撤回ではなく、議論の場を
――上智大学での講義について教えてください。秋学期では広告の炎上をテーマに扱ったんですね。
4月から7年目に入りました。学生にとってデジタルメディアは、ものすごく身近で、動画に対してのリテラシーも相当高いはずです。非常に興味関心が高かったですね。取り上げたのは、サントリーの「頂」(編注:公式サイトによると、すでに製造終了。17年7月、女性が各地の方言で「お酒飲みながらしゃぶるのがうみゃあ」「コックゥ~ん!」などと発言するウェブ動画が「卑猥だ」と批判を浴び、削除された)、資生堂の「インテグレート」とかですね。あと私上海電通に5年いましたので、中国の事例も紹介したりしています。
女性でも「炎上したのは当然だ」という学生もいるし、「いやいやそこまでやる必要はないんじゃないの」って声もある。
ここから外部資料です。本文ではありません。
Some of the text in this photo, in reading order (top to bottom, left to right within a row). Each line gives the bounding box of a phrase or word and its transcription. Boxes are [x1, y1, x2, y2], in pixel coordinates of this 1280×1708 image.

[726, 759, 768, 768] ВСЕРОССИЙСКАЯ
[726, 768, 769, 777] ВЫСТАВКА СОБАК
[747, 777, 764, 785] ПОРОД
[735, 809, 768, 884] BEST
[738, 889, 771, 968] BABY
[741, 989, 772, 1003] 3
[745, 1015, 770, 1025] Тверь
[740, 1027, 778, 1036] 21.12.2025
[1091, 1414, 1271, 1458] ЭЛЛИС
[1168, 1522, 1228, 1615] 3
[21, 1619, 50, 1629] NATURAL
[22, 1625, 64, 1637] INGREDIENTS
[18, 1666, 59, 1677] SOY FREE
資生堂のインテグレート(編注:16年10月、25歳を迎えた女性主人公が、同性の友人から「今日からあんたは女の子じゃない」と言われたシーンが問題視され、テレビ放映を中止した)をテーマにしたときに「25歳からもう女の子じゃないって、どうなの?」って聞いたところ、上智の講義では25歳を超えている学生はほとんどいないので、「いやいや何が問題なの」「勇気もらって、あれはあれで明るくていい」って反応が大勢でした。僕は上智以外でも講演をするんですが、これを25歳以上の女性が揃っている所で流すと、「ひどい」「失礼」といった声が増えました。
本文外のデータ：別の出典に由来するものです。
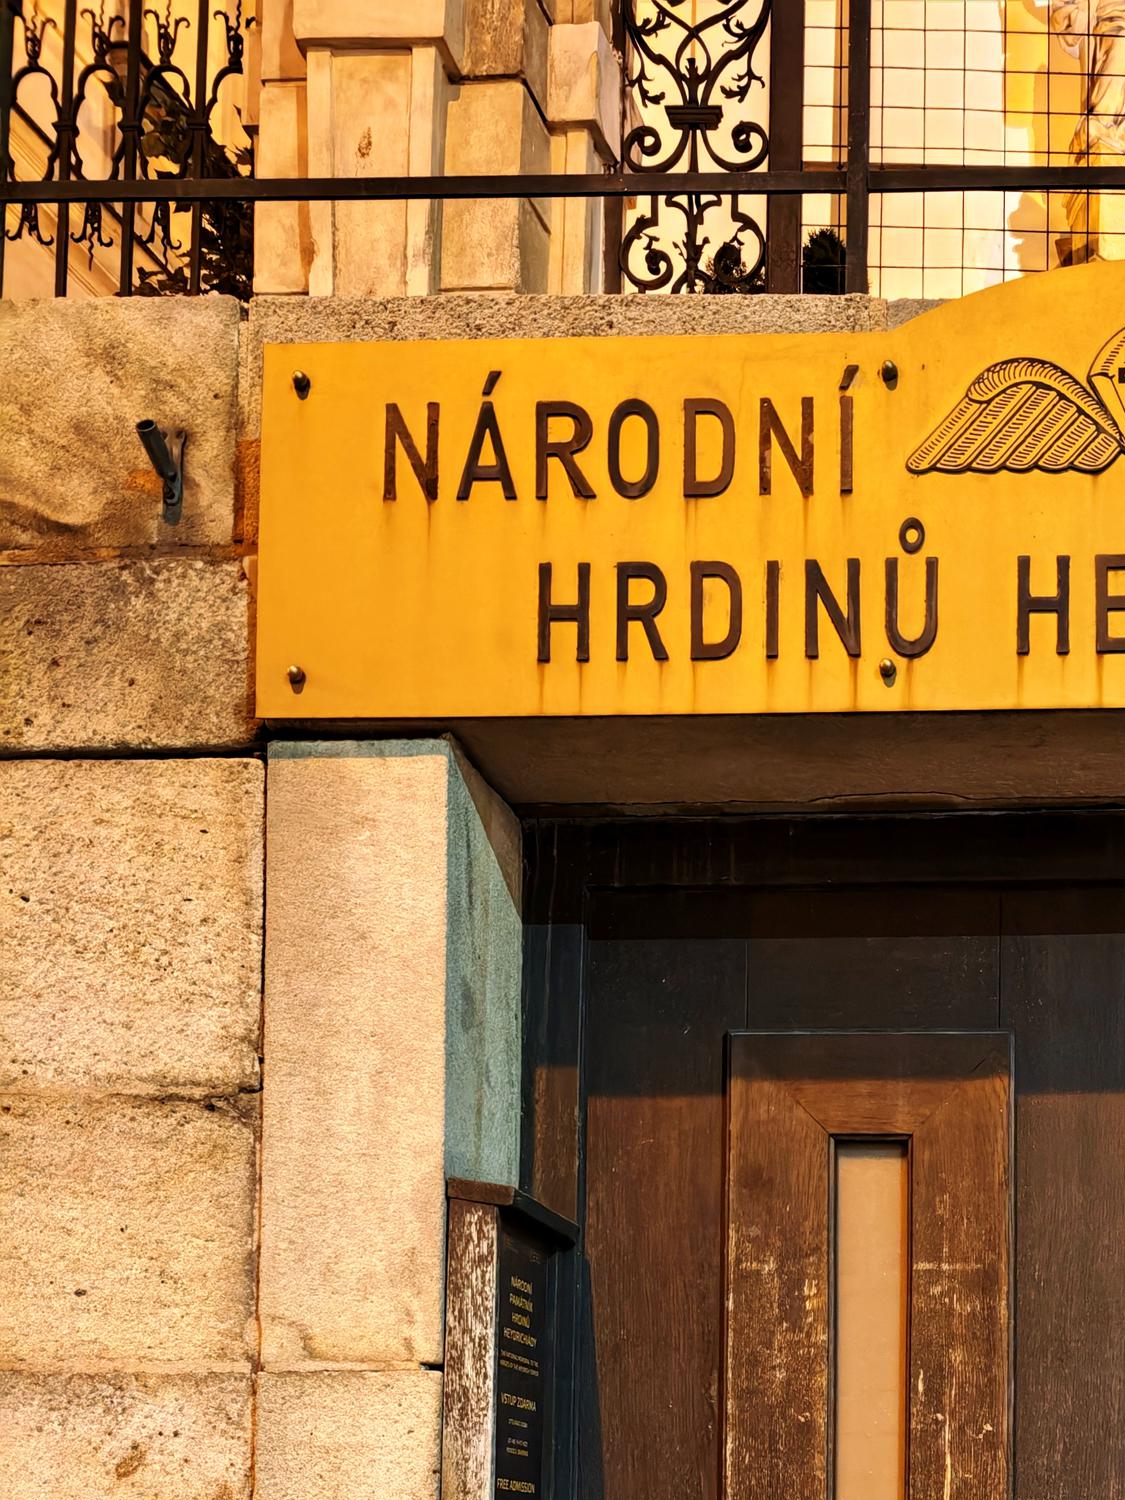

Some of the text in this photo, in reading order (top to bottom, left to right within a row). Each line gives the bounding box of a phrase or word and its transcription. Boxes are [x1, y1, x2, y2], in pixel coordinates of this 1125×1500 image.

――たしかに誰に聞くかによって、反応は変わってきますね。
アメリカでは「メイクカンバセーション」、つまり「議論しようよ」という呼びかけがあります。賛成意見もあれば、反対意見もあるだろうから、議論しませんかというものなのですが、それが日本にも根付いてくれないかなってすごく思っています。インテグレートの例なら「25歳以上はもう女の子じゃない」→「それダメでしょ」ってのじゃなくて、「みなさんどう思いますか」という議論の場を、資生堂が用意できると、それはすごく企業のためにも、商品のためにも、意見を言いたい人のためにもいいんじゃないかと思っています。
――具体的に、どのような事例がありますか?
国際女性デーに向けて、アメリカで行われた「Fearless Girl(恐れを知らない少女)」をご存じですか。2017年のカンヌでグランプリ3部門をとっている作品です。ウォール・ストリートの雄牛像を「男性社会の象徴」として、その前に少女像を置いて女性の権利を訴える。ある投資ファンドがこの像を建てたんですが、議論が巻き起こった瞬間に、集まるお金が一気に増えたという。非常にわかりやすい広告効果だったんです。「あんなものを置いて何事か」とか「置くだけでなにを訴えるの」とか、当然ネガティブな意見もいっぱい集まったんですけど、「勇気付けられた」という声もあって、これこそ議論を交わす広告のひとつの姿だなと。